Paris, Philharmonie de Paris, dimanche 22 février 2015
Valery Gergiev et le London Symphony Orchestra à la Philharmonie de Paris. Photo : (c) Bruno Serrou
Chef principal depuis 2007 du
London Symphony Orchestra avec lequel il a été en résidence Salle Pleyel,
Valery Gergiev et la première phalange britannique ont découvert la Philharmonie
de Paris. Une première qui semble les avoir enthousiasmés, aucun des musiciens
n’ayant paru vouloir se presser pour quitter le plateau, allant jusqu’à offrir
un bis sans se faire prier... Le programme n’avait pourtant rien de
transcendant, entièrement consacré à Serge Rachmaninov, surtout la seconde
partie, occupée par l’une des symphonies les plus laborieuses du répertoire…
Serge Rachmaninov (1873-1943). Photo : DR
La première moitié du concert
était entièrement occupée par le véloce Concerto
pour piano et orchestre n° 2 en ut mineur op. 18, l’œuvre la plus emblématique
de Rachmaninov. Créée à Moscou le 27 octobre 1901 avec le compositeur au piano,
cette œuvre est née après trois ans de silence dû à l’échec de la première
symphonie, que Gergiev a judicieusement mise en regard en la programmant dans
ce même concert. Les deux derniers mouvements ont été conçus avant le premier,
et ont été donnés en création dès le 2 décembre 1900. L’échec de la symphonie
avait été si cuisant, que Rachmaninov avait jugé bon de se confier à un
psychologue, qui lui conseilla d’écrire un concerto. C’est donc une sorte de
psychanalyse libératoire qui est le moteur de l’œuvre la plus célèbre de
Rachmaninov et l’une des plus fameuses du répertoire concertant pour piano. Elle
a permis une fois de plus d’apprécier les qualités acoustiques de la Philharmonie qui s'avèrent infiniment prometteuses, le soliste, Denis Matsuev, s’avérant dans ce cadre plus nuancé que d’habitude.
Denis Matsuev.
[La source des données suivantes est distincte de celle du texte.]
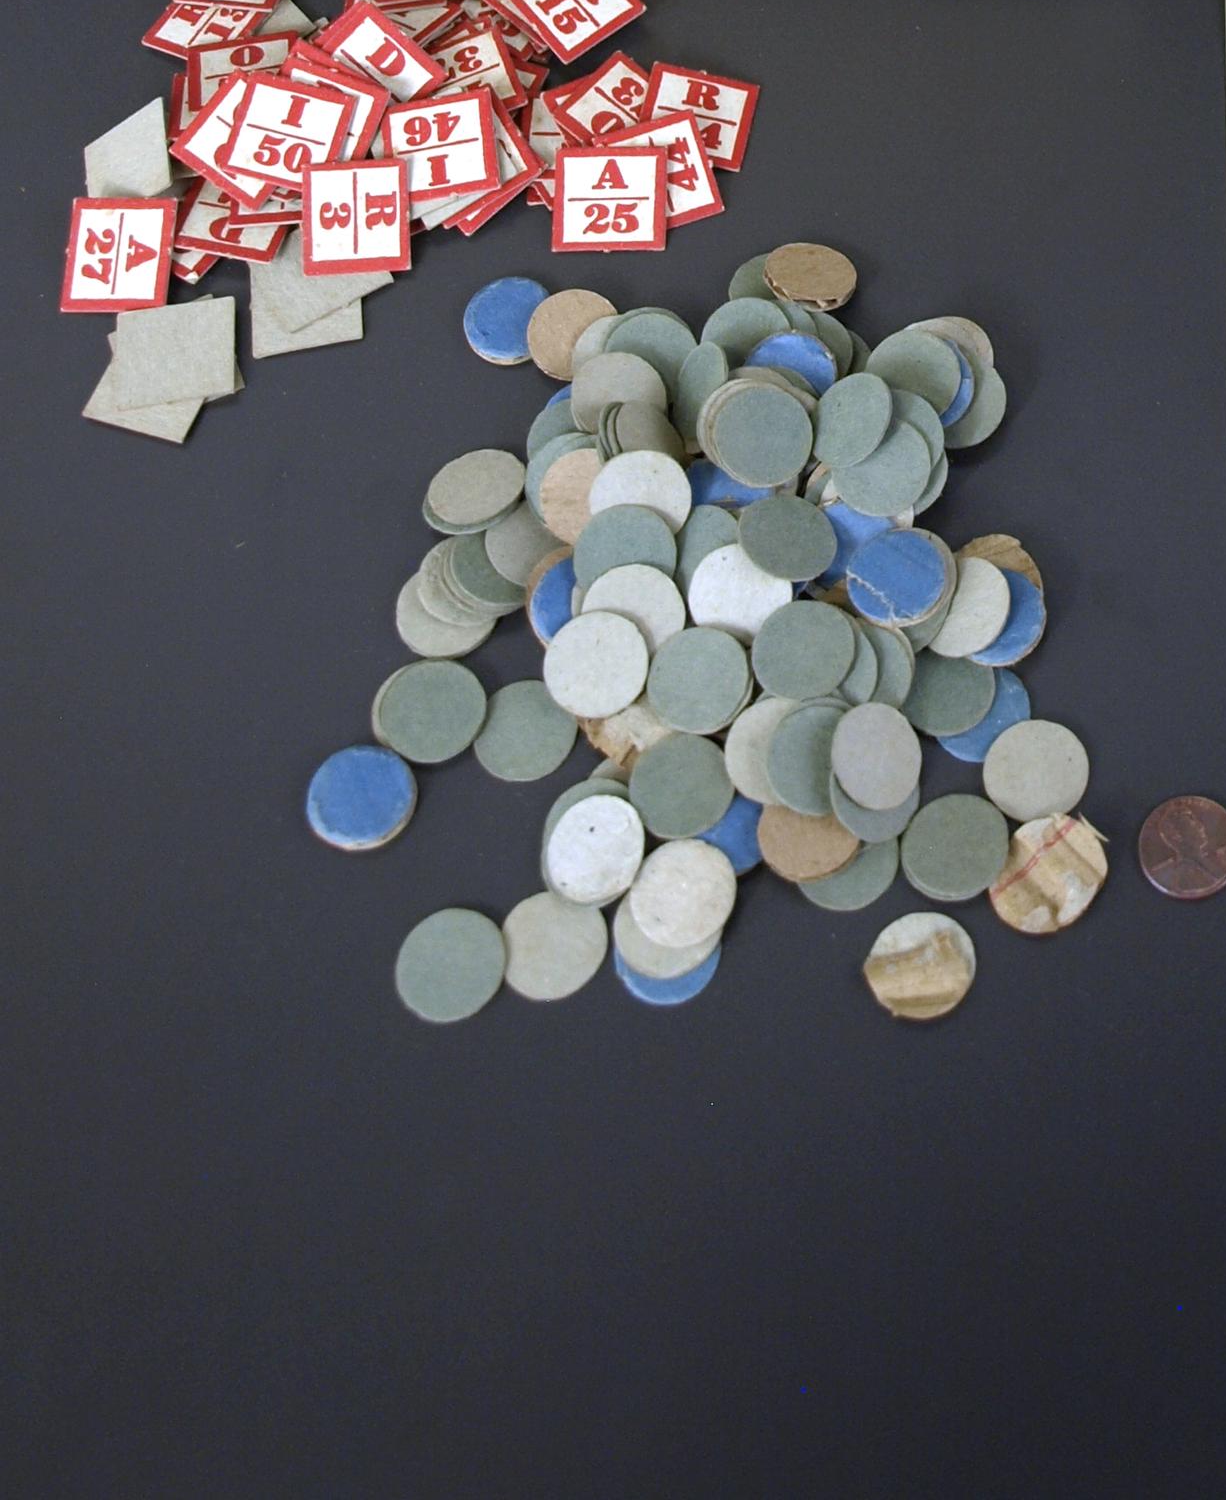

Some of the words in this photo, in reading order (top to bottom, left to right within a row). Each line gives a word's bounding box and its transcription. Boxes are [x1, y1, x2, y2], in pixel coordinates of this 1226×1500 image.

[366, 37, 405, 76] D
[281, 95, 310, 128] I
[682, 79, 721, 111] R
[403, 111, 460, 146] 46
[254, 134, 312, 173] 50
[428, 154, 450, 186] I
[668, 136, 699, 192] 44
[592, 159, 629, 190] A
[319, 202, 349, 230] 3
[364, 191, 398, 231] R
[582, 202, 640, 234] 25
[81, 228, 116, 284] 27
[125, 234, 158, 273] A
Photo : DR
En effet, une
fois n’est pas coutume, d’entrée, Denis Matsuev s’est exprimé dans la
demi-teinte, les premiers accords en batteries de cloches n’étant pas plaqués
en force mais au contraire paraissant venir du lointain, quasi liquides,
presque immatériels. Les doigts d’airain et les bras tout en muscles d’acier de
Matsuev qui lui donnent une puissance de marathonien qu’il a tant de mal à
retenir, se sont fait soudain plus mesurés et équilibrés. Car, cette fois, aucun
risque à la Philharmonie, contrairement à ce qui peut subvenir dans nombre de
salles ou le pianiste russe se produit, pour des oreilles sensibles de subir des
signes de fatigue pouvant se traduire parfois par des acouphènes, tout en restant
fort loin du raffinement et de l’onirisme d’un Chamayou. Il faut reconnaître
néanmoins à Matsuev sa latitude au panache et à jouir sans affectation de ses
aptitudes techniques et sonores vertigineuses dans une partition qui laisse le
champ libre à une telle performance.
Avec un orchestre au nuancier infini et aux couleurs à la fois brûlantes et feutrées, sachant répondre à la moindre inflexion du soliste, Matsuev ne pouvait que se montrer à l’écoute des musiciens de cette phalange qui n’ont rien à lui envier en virtuosité et en musicalité, et qui ont au contraire la capacité à modérer ses instincts de fauve du piano en l’obligeant à la modération et à l’écoute de ses pupitres, solistes et tuttistes. Hélas, dans le finale, le naturel de Matsuev est revenu au galop, jouant tout en force et sans retenue. Ce dont Valery Gergiev a d’ailleurs tiré profit en faisant sonner l’orchestre londonien avec une force conquérante, attisant lui aussi tout son potentiel sonore dans une course frénétique avec son soliste, les pupitres du LSO rivalisant de panache et d’éclat avec le pianiste russe. Rapidement, Matsuev a enchaîné deux bis, concluant sur un Prélude de Scriabine halluciné et par trop sonore.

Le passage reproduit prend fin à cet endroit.